1. Strengthen your personal relationship with God.
You cannot direct your relationship to the spiritual level if you have not reached it personally yet. Before imposing this goal into the relationship, strengthen your own faith and relationship with your Creator. He can only work in your relationship if you let Him work in your first.

2. Love God first before your partner.
You may find this ridiculous because we are in the 21st century and you think religion should just be 10% of your life. Well, let me assure you that God does not require you to be religious so you can be closer to Him. He wants a father-child relationship with you.

And let me remind you that He has every right to demand that He should be first in your life because He created you—and for Himself (Colossians 1:16).

3. Fear the Lord.
If you are familiar with the story of Joseph the Dreamer, you would notice that when he was tempted by the wife of Potiphar (his master) to sleep with her, he refused her not because he feared her husband but because he did not want to sin against God (Genesis 39).

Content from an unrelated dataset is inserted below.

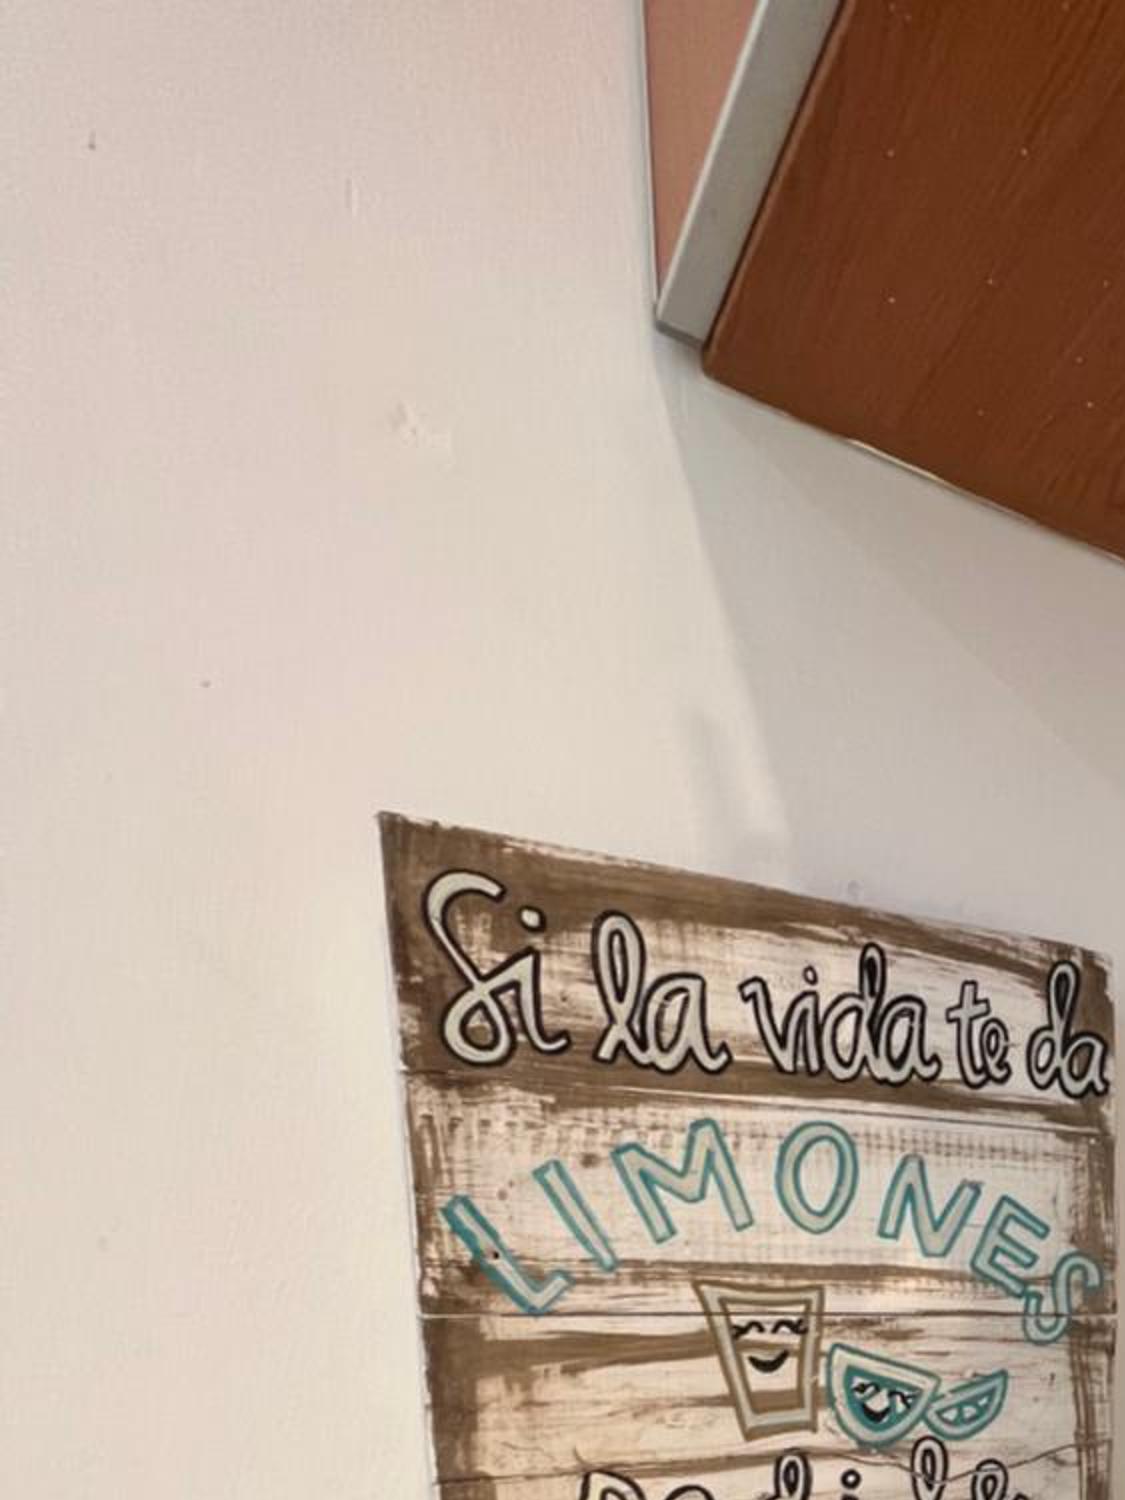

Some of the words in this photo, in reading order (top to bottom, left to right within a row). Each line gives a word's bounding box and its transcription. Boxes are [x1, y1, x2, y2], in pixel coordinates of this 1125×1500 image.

If you love God, you would fear to do anything that displeases God—not because He gets terribly angry but because you don’t want to hurt Him—and that includes cheating on your partner.

4. Pray for each other.
They say that if you are praying for a person, you become spiritually attached to him/her. Well, I believe it is true because if you keep on blessing your partner in the spirit, you contribute to his/her well-being in the physical realm. Making this a habit between you is also one way of supporting and helping each other.

5. Pray together.
Surely, you are familiar with the saying: “A family that prays together stays together”. If you have a plan to be a family someday, then starting a prayer habit now is just healthy. Instead of bickering over problems, why don’t you kneel down together and pray about them?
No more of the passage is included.